Create Kinesis Firehose

In this step we will create Kinesis Firehose delivery stream to ingest data & store in S3:

GoTo: https://console.aws.amazon.com/kinesis/home?region=us-east-1#/get-started
Click Create Delivery Stream
- Step 1: Name and source
  - Delivery stream name : kns-dls-webinar-demo-stream
  - Source : Direct PUT or other sources
  - Click Next
- Step 2: Transform records
  - Record transformation : Disabled
  - Record format conversion: Disabled
  - Click Next
- Step 3: Choose destination
  - Destination : Amazon S3
  - S3 bucket : datalake-bucket-webinar
  - Prefix : data/raw/ (slash / after raw is important, if you miss it Firehose will copy the data in an unknown location)
  - Error prefix : Leave Blank
  - Click Next
- Step 4: Configure settings
  - S3 buffer conditions: Buffer size: 1 (MB)
  - S3 buffer conditions: Buffer interval: 60 (sec)
  - S3 compression : Disabled
  - S3 encryption : Disabled
  - Error logging : Enabled
  - Leave everything else default
  - IAM role : Click on Create new, or Choose
    - Open a new window, leave everything to default
    - Click - Allow
  - Click - Next
- Step 5: Review
  - Review the configuration & make sure its as mentioned above
  - Click - Create delivery stream

Generate Fake Data

In this step we will configure Kinesis Data Generator to generate and produce fake data and ingest it into Kinesis Firehose

Configure Amazon Cognito for Kinesis Data Generator - In this step we will launch a cloud formation stack that will configure Cognito.

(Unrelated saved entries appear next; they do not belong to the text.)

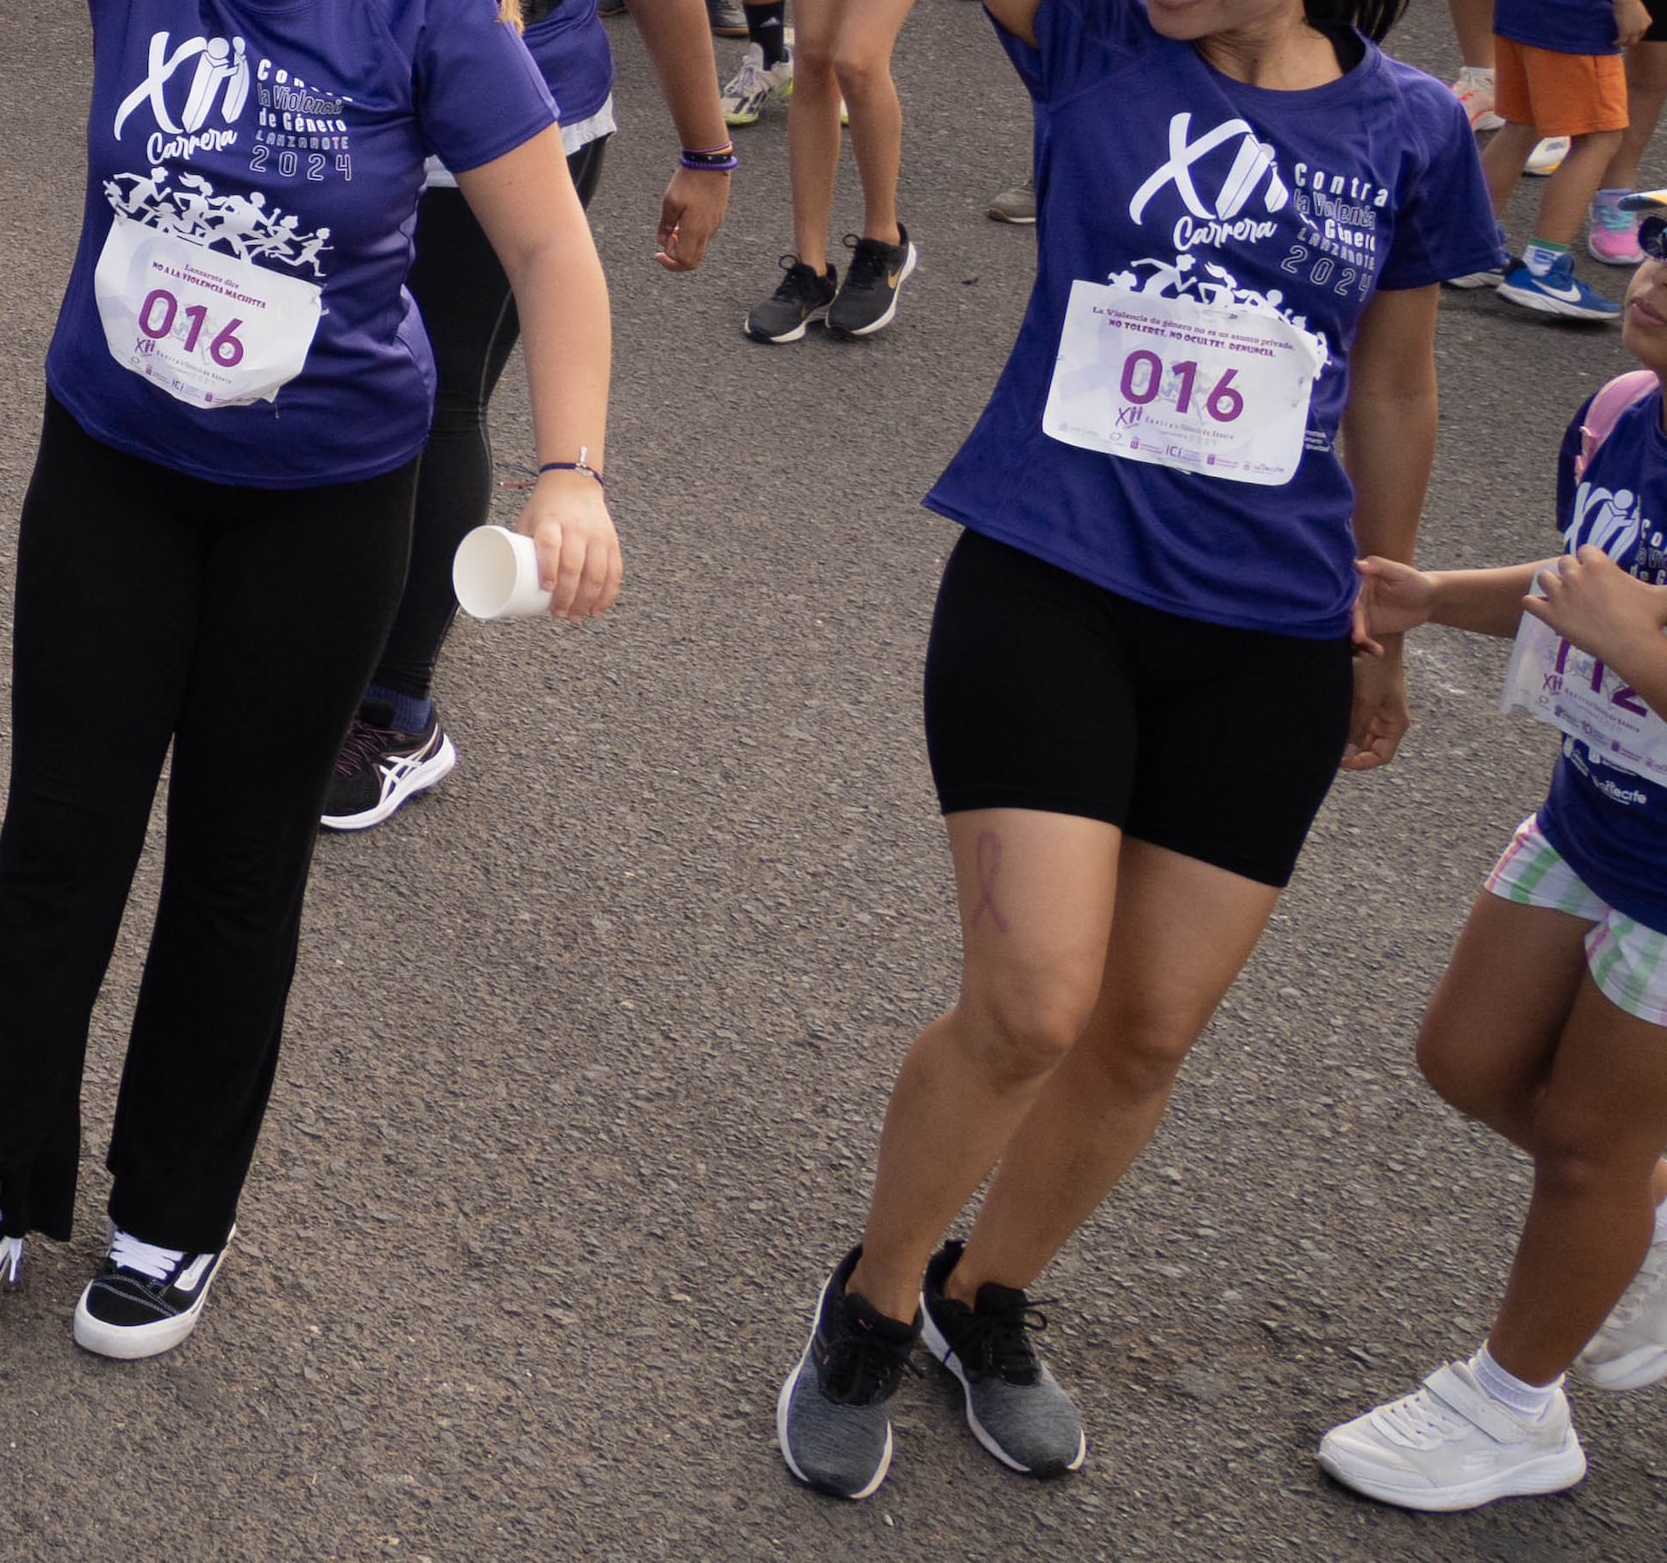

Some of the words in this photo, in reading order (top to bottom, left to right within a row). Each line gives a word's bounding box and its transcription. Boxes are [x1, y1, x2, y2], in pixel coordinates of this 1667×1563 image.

[260, 108, 276, 128] de
[282, 114, 347, 133] Género
[146, 128, 237, 165] Carrera
[255, 130, 349, 151] LANZAROTE
[249, 145, 352, 181] 2024
[1294, 162, 1389, 207] Contra
[1173, 215, 1277, 251] Carrera
[152, 262, 163, 270] NO
[171, 268, 180, 278] LA
[183, 273, 223, 294] VIOLENCIA
[224, 289, 266, 309] MACHISTA
[185, 264, 223, 283] Lanzarote
[224, 279, 239, 289] dice
[138, 289, 244, 368] 016
[1092, 306, 1103, 314] La
[1107, 308, 1148, 322] Violencia
[1150, 317, 1160, 325] de
[1162, 319, 1192, 331] género
[1194, 326, 1205, 334] no
[1109, 319, 1122, 328] NO
[1169, 331, 1182, 340] NO
[1120, 349, 1244, 423] 016

This cloudformation scripts launches in Oregon region (No need to change this region)
- Goto : https://console.aws.amazon.com/cloudformation/home?region=us-west-2#/stacks/new?stackName=Kinesis-Data-Generator-Cognito-User&templateURL=https://s3-us-west-2.amazonaws.com/kinesis-helpers/cognito-setup.json
- Click - Next
- Specify Details:
  - Username - admin
  - Password - choose a alphanumeric password
  - Click - Next
- Options:
  - Click - Next
- Review:
  - Scroll down
  - I acknowledge that AWS CloudFormation might create IAM resources: Check
  - Click - Create
- Refresh your AWS Cloudformation Console
- Wait till the stack status changes to Create_Complete
  - Select the **Kinesis-Data-Generator-Cognito-User **stack
  - GoTo outputs tab : click on the link that says: KinesisDataGeneratorUrl - This will open your Kinesis Data Generator tool
On Amazon Kinesis Data Generator homepage
- Login with your username & password from previous step
- Region: us-east-1
- Stream/delivery stream : kns-dls-webinar-demo-stream
- Records per second : 2000
- **Record template : **In the big text area, add the following json template
- Click - Send Data - do not click without pasting the below bit of template in the big text area

Once the tools send ~ 100,000 messages, you can click on - Stop sending data to Kinesis


{
  "uuid": "{{random.uuid}}",
  "device_ts": "{{date.utc("YYYY-MM-DD HH:mm:ss.SSS")}}",
  "device_id": {{random.number(50)}},
  "device_temp": {{random.weightedArrayElement(
    {"weights":[0.30, 0.30, 0.20, 0.20],"data":[32, 34, 28, 40]}
  )}},
  "track_id": {{random.number(30)}},  
  "activity_type": {{random.weightedArrayElement(
        {
            "weights": [0.1, 0.2, 0.2, 0.3, 0.2],
            "data": ["\"Running\"", "\"Working\"", "\"Walking\"", "\"Traveling\"", "\"Sitting\""]
        }
    )}}
}

Make sure that the fake data ingested into S3

After few moments GoTo S3 console:https://s3.console.aws.amazon.com/s3/home?region=us-east-1

Click - datalake-bucket-webinar > Data
There should be a folder called raw created > Open it and keep navigating, you will notice that firehose has dumped the data in S3 using yyyy/mm/dd/hh partitioning

Phase 2 : Create Data Catalog

Create IAM Role

In this step we will navigate to IAM Console & create a new Glue service role, this allows AWS Glue to access data sitting in S3 and create necessary entities in Glue catalog.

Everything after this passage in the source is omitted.